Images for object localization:
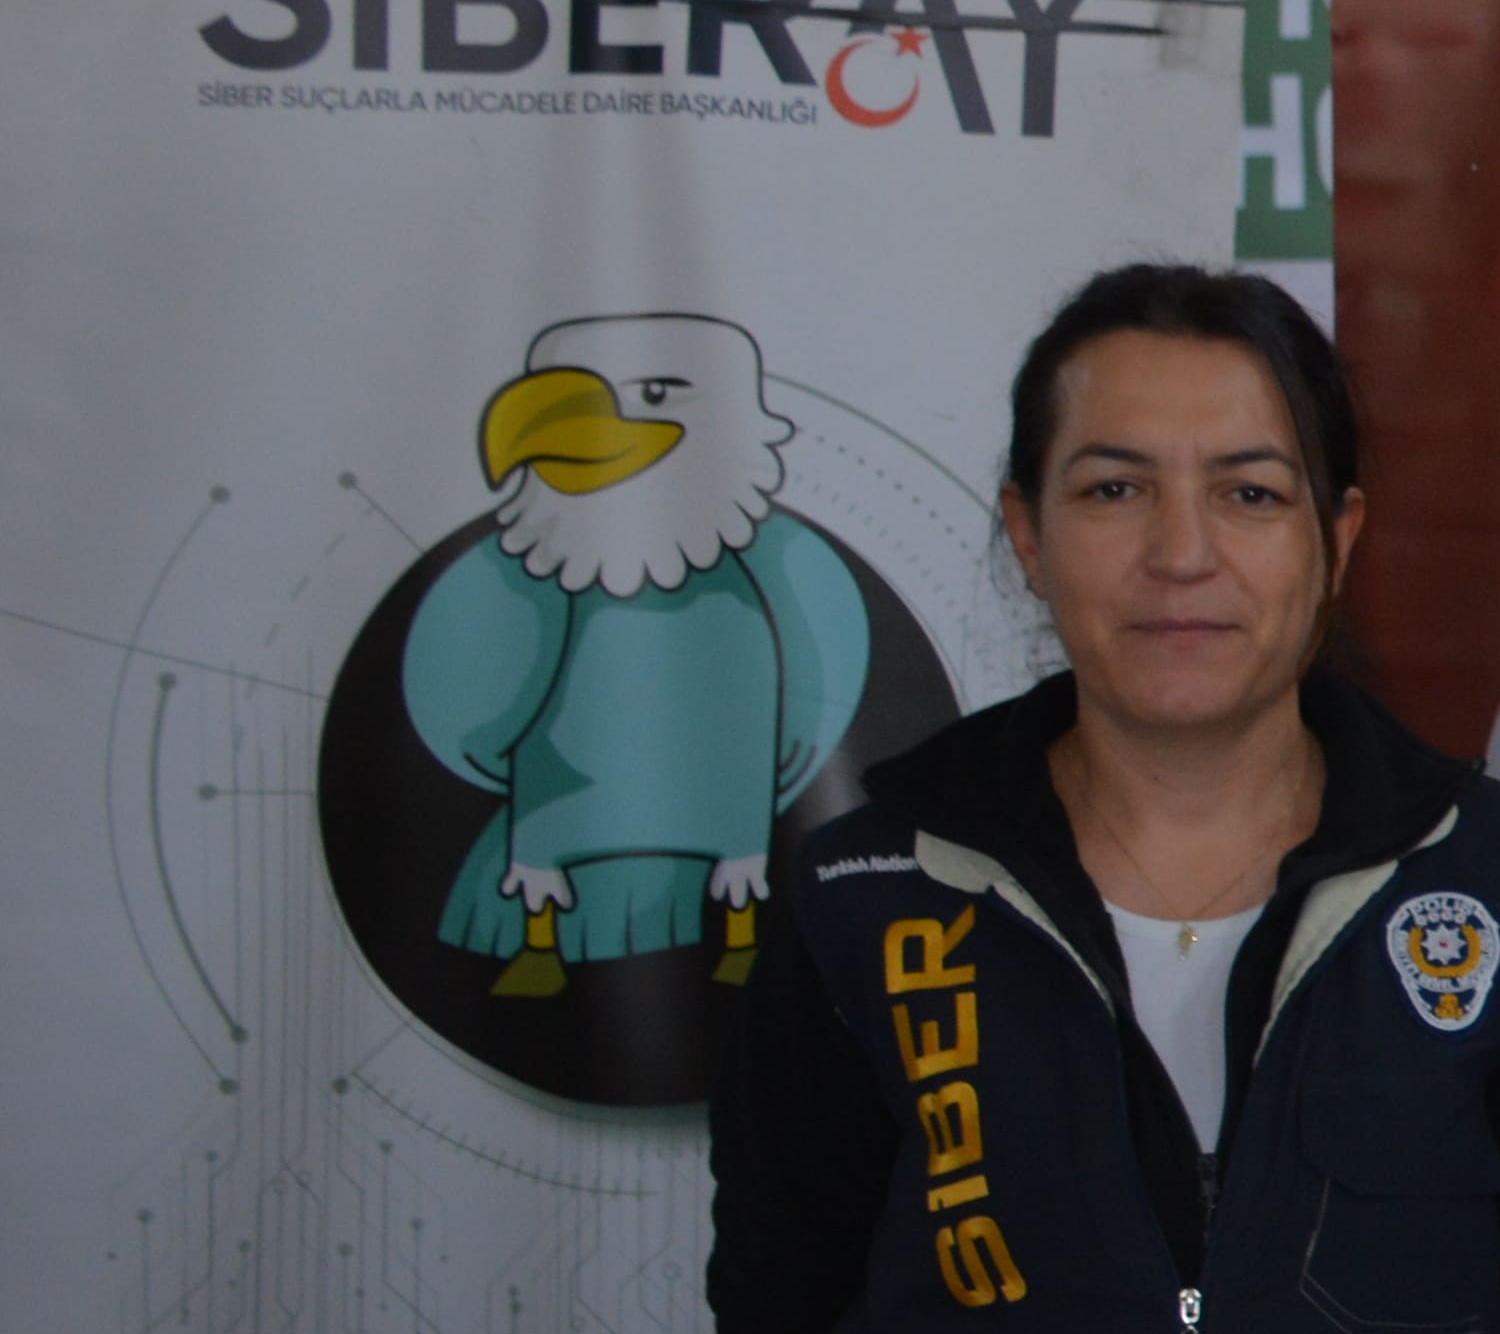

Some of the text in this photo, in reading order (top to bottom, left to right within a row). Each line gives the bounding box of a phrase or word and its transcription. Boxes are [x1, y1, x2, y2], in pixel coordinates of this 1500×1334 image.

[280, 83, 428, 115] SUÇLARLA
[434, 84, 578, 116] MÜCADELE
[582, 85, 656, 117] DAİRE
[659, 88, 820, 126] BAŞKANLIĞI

*YOUR ASSIGNMENT:*
Each line of the data must be transcribed exactly; pictures are not carried over.

*TASK SOLUTION:*
Some of the text in this photo, in reading order (top to bottom, left to right within a row). Each line gives the bounding box of a phrase or word and its transcription. Boxes are [x1, y1, x2, y2], in pixel coordinates of this 1500×1334 image.

[280, 83, 428, 115] SUÇLARLA
[434, 84, 578, 116] MÜCADELE
[582, 85, 656, 117] DAİRE
[659, 88, 820, 126] BAŞKANLIĞI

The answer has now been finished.